Acute paronychia is generally caused by bacteria, the treatment of choice preparations flucloxacilin 4 x 250 mg / day; generally worked well. When formed pus drainage done, without neglecting the five principles of treatment of hand infections are:
1. Administration of antibiotics
2. Rest and elevation of the affected part of the infection
3. Early recognition of pus and the pus is right
4. Remove the pus, if necessary debridement in space abscess
5. Adequate treatment after action
1. Administration of antibiotics
2. Rest and elevation of the affected part of the infection
3. Early recognition of pus and the pus is right
4. Remove the pus, if necessary debridement in space abscess
5. Adequate treatment after action
In the superficial paronychia is generally localized and pussy clearly visible: it can be done with incision drainage or bayonet forms a sharp pointy scalpel which inserted into the sulcus with an oblique angle, should be done parallel to the nail plate. After the drainage then compressed with warm physiological saline solution to stimulate wound drainage; in some cases simply do compresses and topical antibiotic Neosporin. The position of the infected finger was rested in a position of flexion for accelerating wound healing.

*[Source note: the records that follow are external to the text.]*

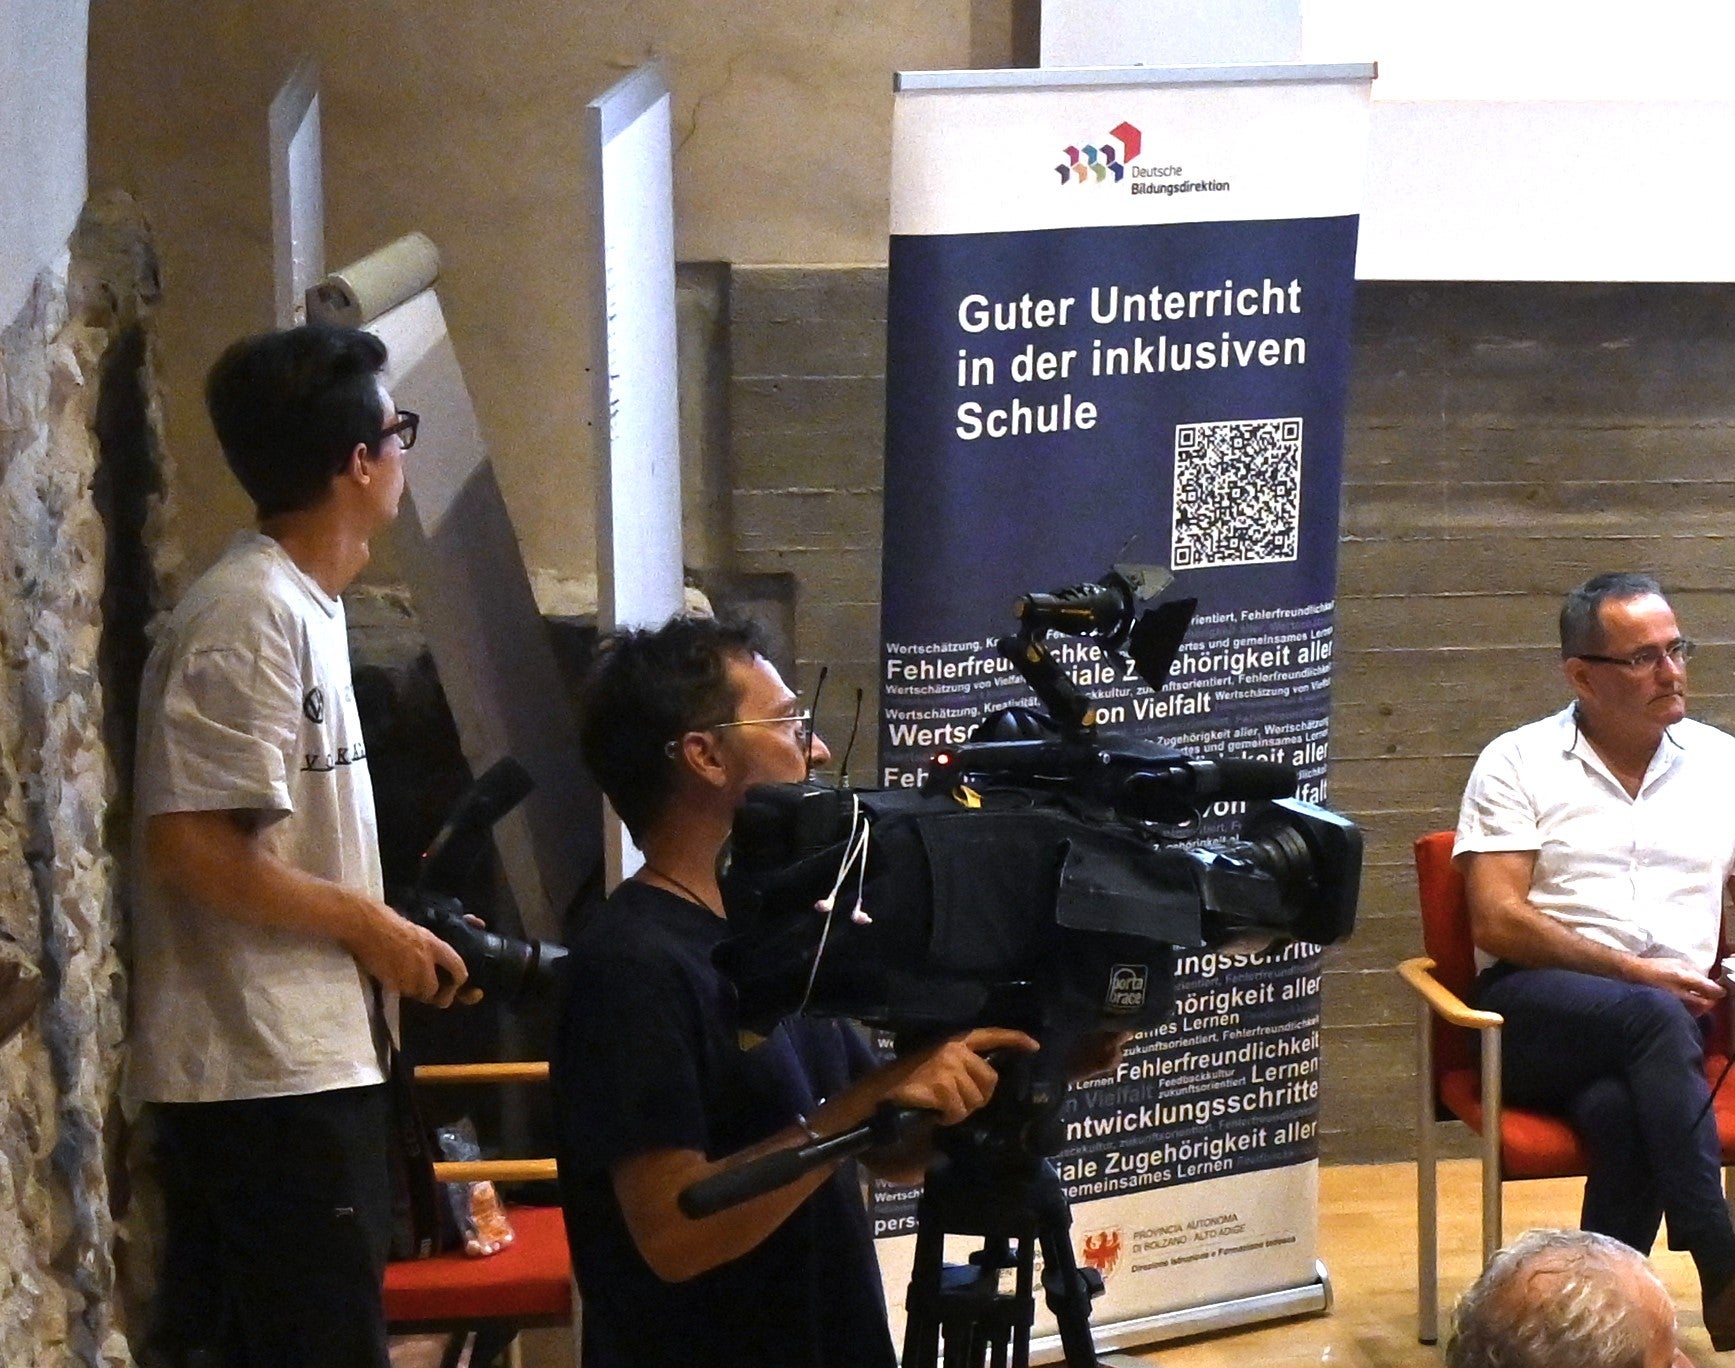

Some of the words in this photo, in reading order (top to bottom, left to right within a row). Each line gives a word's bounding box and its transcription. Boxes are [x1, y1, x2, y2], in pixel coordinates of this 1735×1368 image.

[1131, 165, 1183, 179] Deutsche
[1131, 179, 1231, 196] Bildungsdirektion
[957, 294, 1076, 333] Guter
[1090, 278, 1303, 325] Unterricht
[956, 349, 995, 387] in
[1010, 343, 1077, 381] der
[1092, 331, 1307, 377] inklusiven
[955, 394, 1098, 441] Schule
[1208, 638, 1230, 649] und
[1233, 632, 1308, 648] gemeinsames
[1297, 640, 1334, 659] aller
[1133, 691, 1212, 721] Vielfalt
[1203, 742, 1225, 754] und
[1291, 743, 1329, 767] aller
[1282, 975, 1322, 1001] aller
[1182, 1012, 1241, 1032] Lernen
[1116, 1030, 1320, 1083] Fehlerfreundlichkeit
[1158, 1068, 1236, 1088] Feedbackkultur
[1251, 1057, 1320, 1084] Lernen
[1076, 1076, 1114, 1091] Lernen
[1158, 1076, 1247, 1099] zukunftsorientiert
[1066, 1079, 1319, 1141] ntwicklungsschritte
[1104, 1128, 1267, 1176] Zugehörigkeit
[1274, 1119, 1318, 1146] aller
[1177, 1157, 1233, 1179] Lernen

At paronychia deep, often found clinical symptoms of swelling, pus erythematous without clear point; can be given antibiotics as sensitive as cloxacillin or erythromycin. Having given antibiotics and warm compresses will happen to localized pus, and drainage occurs via the spontaneous folding nail indentations, or it can be done as paronychia superficial incision.

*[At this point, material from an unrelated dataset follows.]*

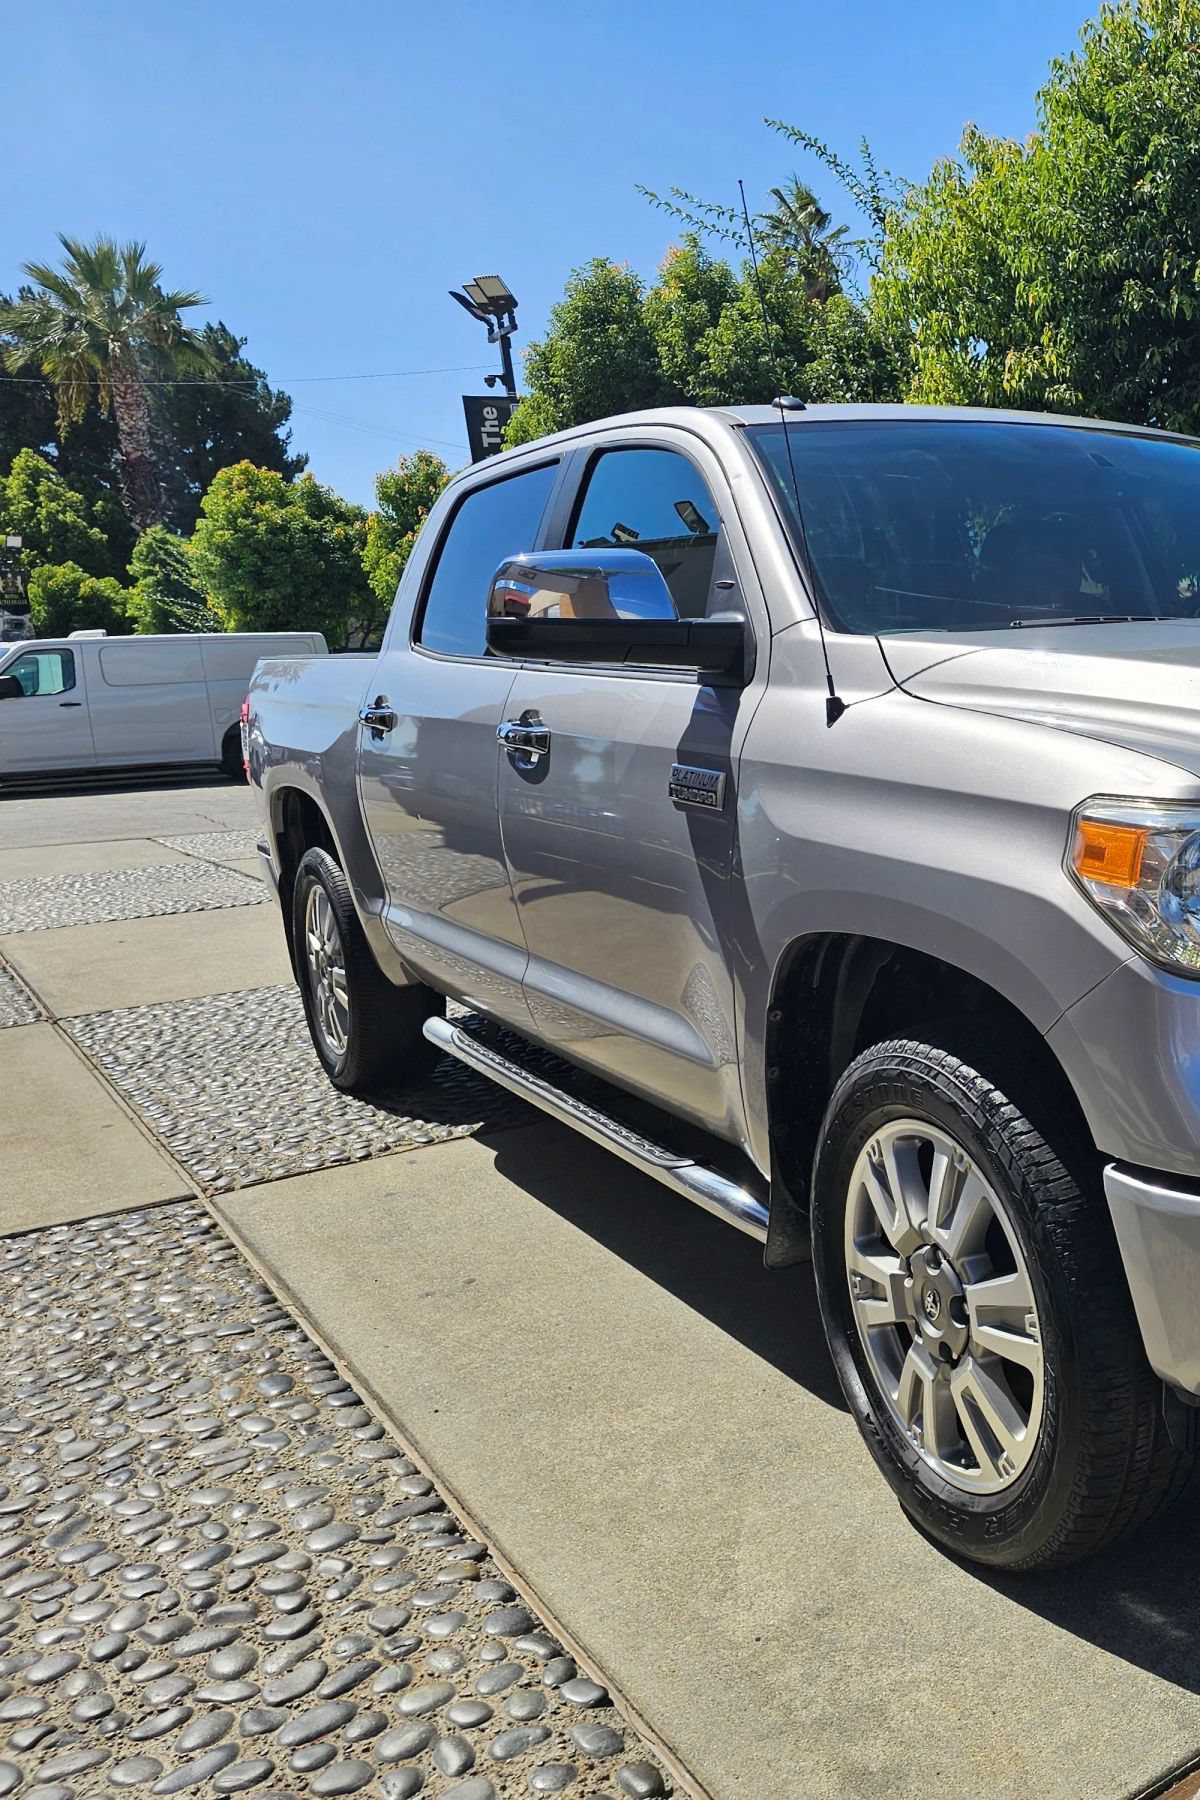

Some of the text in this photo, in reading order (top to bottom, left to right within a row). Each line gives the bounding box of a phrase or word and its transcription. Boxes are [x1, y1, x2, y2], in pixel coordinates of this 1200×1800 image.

For sub ungual paronychia which not responsive to antibiotics after 2 days, needed surgery to remove 1/3 proximal nail plate; tranversal cut the nail plate with nail scissors under local anesthesia without adrenaline, you can also ethylchloride spray or liquid nitrogen.

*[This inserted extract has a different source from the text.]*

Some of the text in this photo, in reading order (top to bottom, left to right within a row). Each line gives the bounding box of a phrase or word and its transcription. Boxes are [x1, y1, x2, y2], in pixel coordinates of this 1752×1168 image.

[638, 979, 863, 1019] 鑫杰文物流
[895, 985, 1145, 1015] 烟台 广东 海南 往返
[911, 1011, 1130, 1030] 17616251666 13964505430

Widespread infection in sub ungual distal, 40% of cases occur in the pus under the nail plate. In the area of the hospital performed the penetration of the nail plate, so that the pus can be removed and further handling compress finger with antiseptic solution such as: khlorheksidin 2x a day, and made wet compresses will speed healing.
Treatment of chronic paronychia requires patience doctors and patients. At this state of chronic bacterial infections must be prevented so that the compressing, while the compress would prolong and worsen the course of the disease state. A common treatment is: reduce exposure to water. When doing work related to the water should wear protective gloves, better wear gloves of cotton and coated with rubber gloves made of vinyl: If the gloves are wet should be replaced.
The use of drying agents after doing work related to the water with a solution of aluminum chloride or chloroform dalarn 6-20% alcohol; if irritation can be recommended granting corticosteroid lotion or cream.
Given the chronic paronychia infection causes most of the Candida albicans antifungal use in tincture form used 2x a day that is: the solution klotrimoksasol, haloprigin or miconazole. The use of combination antifungal faster lotrisone topically.
If there is a sign of inflammation, redness, heat, swelling and pain, is recommended oral erythromycin administration, because it is always found staphylococcus in the wound that is still sensitive to these antibiotics. Other antibiotics is Sulfasetamid 15% solution in 50% methylated spirit or alcohol and the use of paint castelani is still effective.
Paronychia in patients who also suffer from diabetes is the most important aspects of treatment: in particular the control of blood sugar levels. Toe paronychia often followed unguis incarnatus, surgery can be performed after paronychia controlled, and carried out a radical removal of the nail.
Dose of radiotherapy treatment for chronic cases of 75 rad / week with 43-50 KM (Dermopan Siemens) to a maximum dose of 450 rad (total 6x administration) often helps healing.
Chronic paronychia which not responsive to any treatment should receive treatment with surgical excision of the crescent shape of the proximal nail fold 5-6 mm. At the widest part extends into the lateral nail fold
Wound healing by secondary intention occurs, could be 2 months. It may take 2-3 months for the re-establishment of damaged cuticles as in the original state of chronic paronychia. Nail growth dystrophy takes medication for 6 months, the patient should guard against exposure to water during the treatment of paronychia is an infection.